La última sesión de Freud
La última sesión de Freud, de Mark St. Germain / Adaptación y dirección: Daniel Veronese / Elenco: Jorge Suárez y Luis Machín / Diseño de escenografía: Diego Siliano / Diseño de vestuario: Laura Singh / Diseño de iluminación: Marcelo Cuervo / Producción general: Sebastián Blutrach y Daniel Grinbank / Sala: Multiteatro / Duración: 80 minutos.
Nuestra opinión: buena.
La misma mañana en la que Inglaterra ingresa en la Segunda Guerra Mundial se produce el encuentro entre dos intelectuales de tan enorme prestigio como diferencias en sus intereses y creencias: el padre del psicoanálisis, Sigmund Freud, y C. S. Lewis, un eminente escritor e intelectual perteneciente a la Universidad de Oxford, ateo durante parte de su vida y converso fanático luego de una discusión sobre el tema con su gran amigo J. R. R.Talkien. Y es precisamente esa conversión -y no la creencia permanente- lo que a Freud le ha interesado de este hombre. Quiere comprender esa conversión en un momento en el que él sabe que su vida está llegando a su fin. Ya ha tomado la decisión de provocarse la muerte -asistido por su médico personal- para salir del enorme dolor que le produce ese cáncer de paladar que lo obligó, tras más de treinta operaciones, a utilizar un implante lacerante y doloroso. Y así es que esta obra de tesis ofrecerá las disquisiciones de estos dos intelectuales en torno a un único tema: la existencia, o no, de Dios. Y en torno a eso aparecerán, como es lógico, la sexualidad, la práctica psicoanalítica y, en sutiles pinceladas, la biografía de cada uno de los dos personajes.

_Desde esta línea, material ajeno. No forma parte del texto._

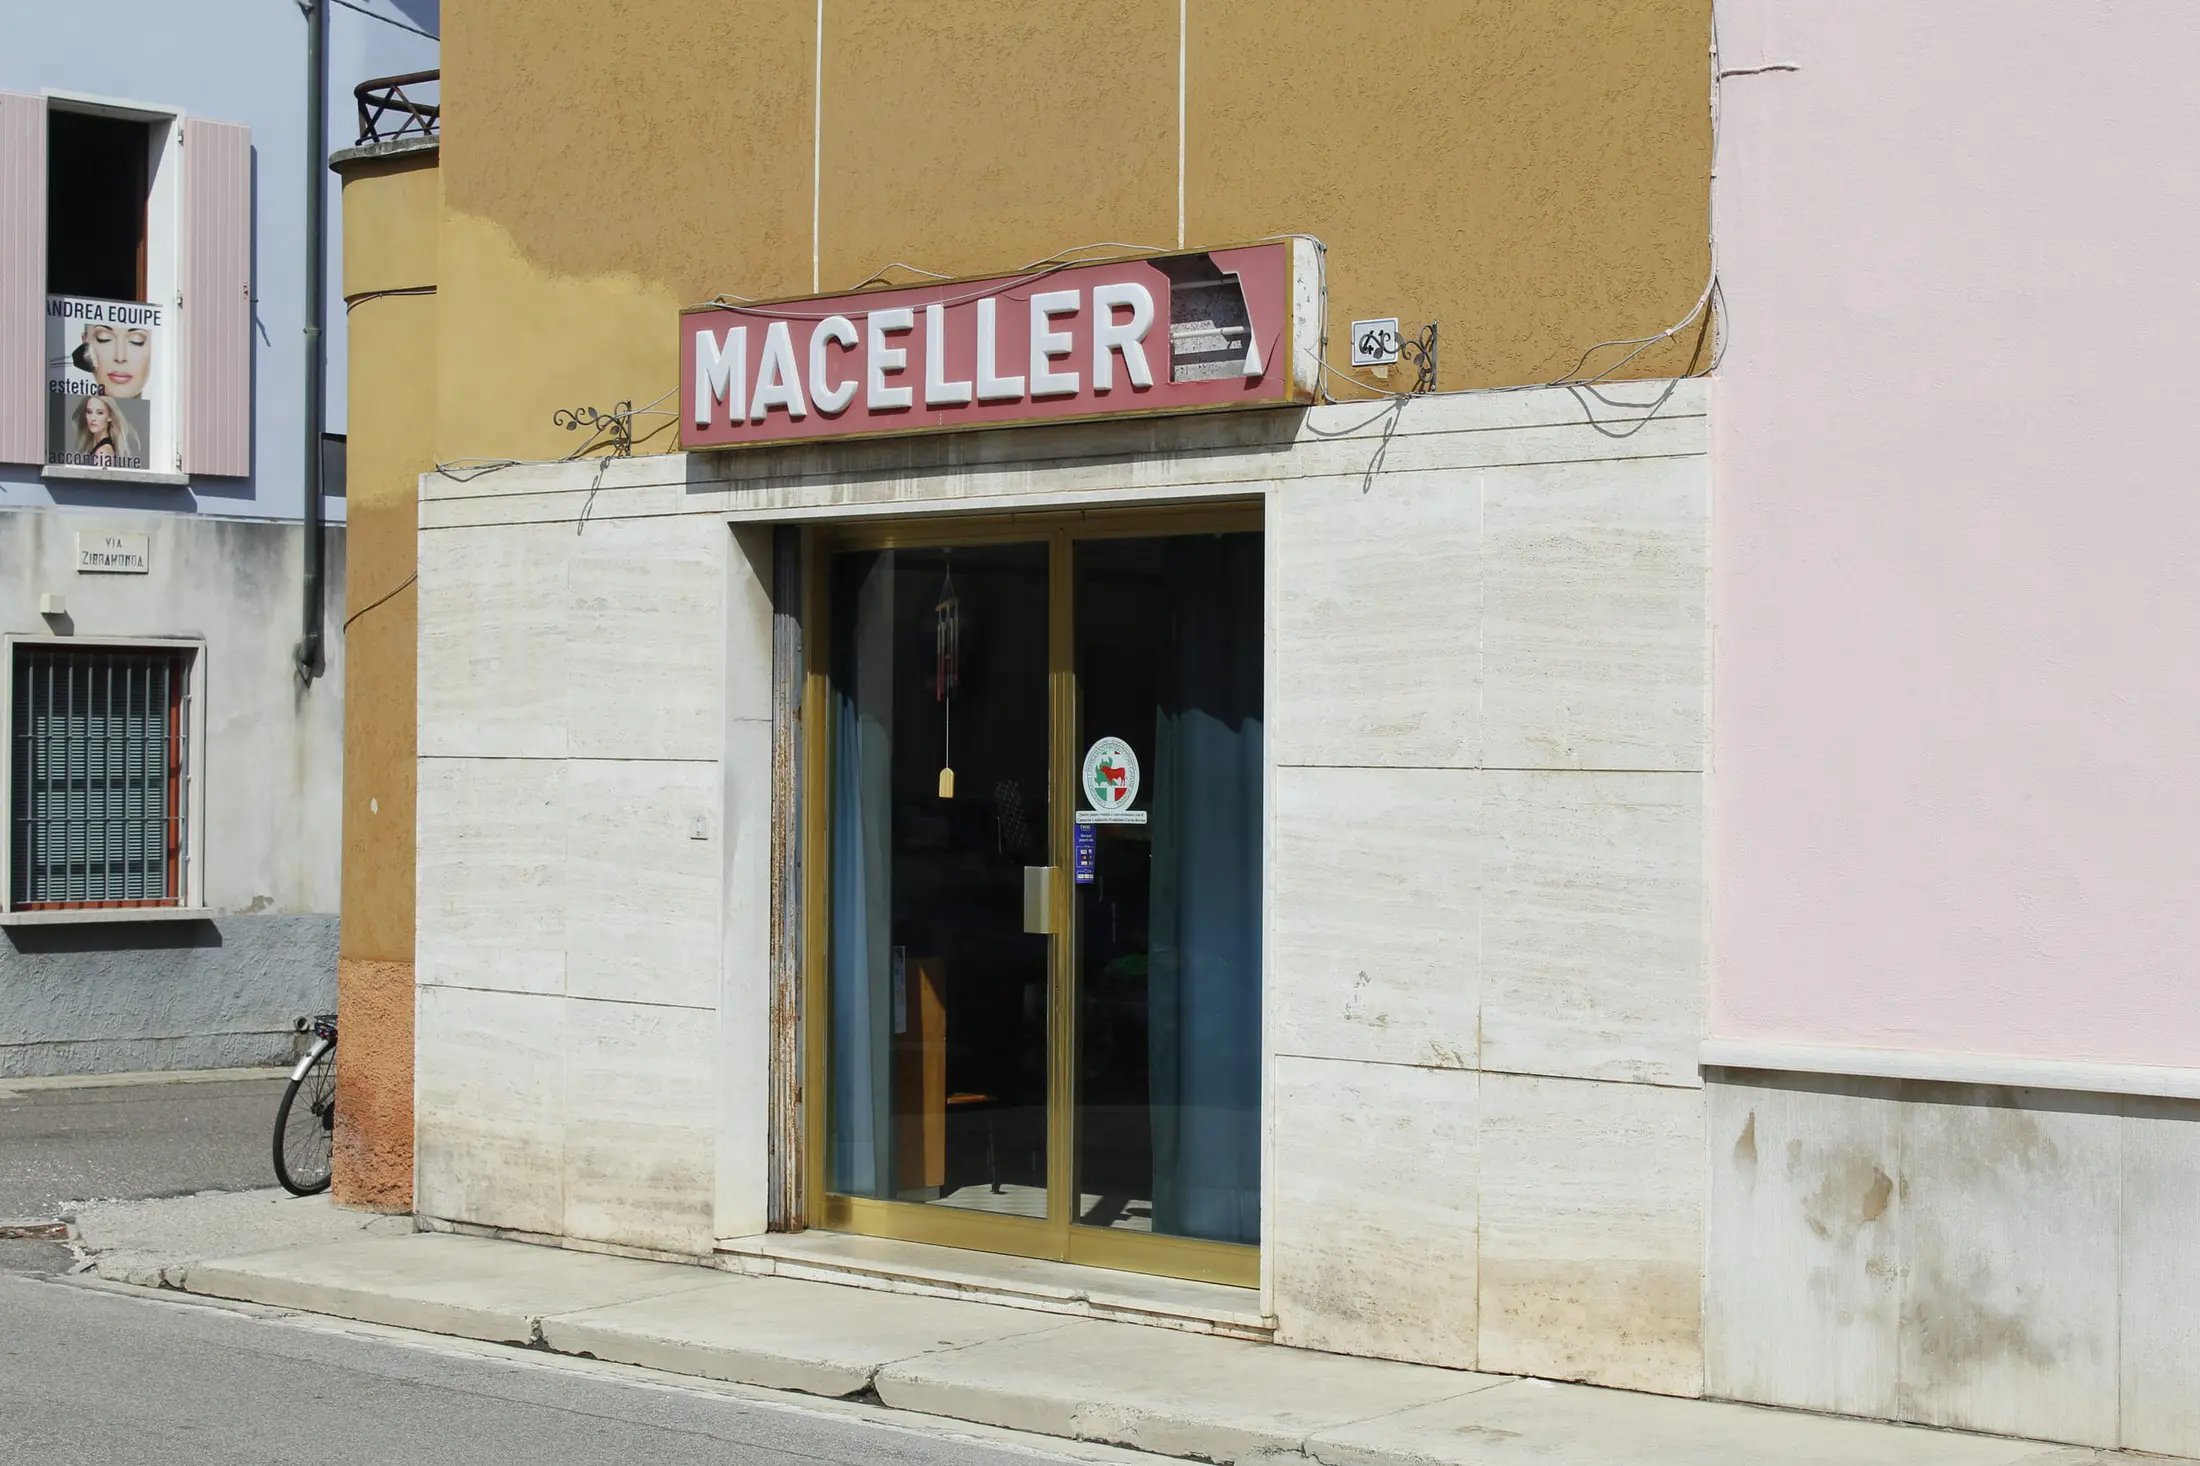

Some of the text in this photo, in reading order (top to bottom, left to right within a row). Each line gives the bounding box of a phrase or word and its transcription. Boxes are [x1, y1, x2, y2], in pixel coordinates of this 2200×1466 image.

Desde el punto de vista de la dramaturgia hay que decir que la obra es precisamente aquello que pretende. Las dos tesis en tensión -la creencia y el ateísmo- aparecerán inteligentemente retratadas con un seguimiento fiel a las ideas ofrecidas por ambos intelectuales. St. Germain manifiesta un profuso conocimiento sobre las ideas y la vida de Freud y Lewis. Pero más allá de esto hay que señalar la enorme eficacia del texto en toda su convencionalidad. Los chistes, todos y cada uno de ellos, están puestos en el lugar justo y distienden la situación para segundos después volver a doblar la apuesta. Para aumentar la eficacia dramática y a sabiendas de que desde el conflicto de la escena poco ocurre, St. Germain le dio el marco de la guerra y la amenaza de bombardeo sobre Londres como forma de tensionar este texto de un enorme sofismo. Se podrían sí cuestionar algunos de los argumentos ya que, por ejemplo, el momento en el que Lewis cuestiona a Freud por el hecho de tener imágenes religiosas sobre su escritorio -como forma de argumentar la artificialidad del ateísmo- significa creer que un hombre de la talla de Lewis no conociera el régimen estético que afecta a ese tipo de imágenes.
Ante tanta convencionalidad, Veronese sabía que todo su trabajo debía estar puesto en la dirección de estos dos enormes actores, Jorge Suárez y Luis Machín, puesto que incluso desde el espacio poco había para hacer. Ese trabajo focalizado se percibe en lo ajustado del ritmo y en el conocimiento de lo que el texto pretende hacer en cada una de sus partes. Así el director elige momentos cruciales para hacer que los actores rompan la intimidad de la escena y lancen, muy cada tanto, un parlamento directo a la platea. La representación de la enfermedad de Freud es probablemente uno de los grandes aciertos escénicos ya que, apoyado en el talento interpretativo de Suárez, se vuelve profundamente revulsivo en todo su realismo.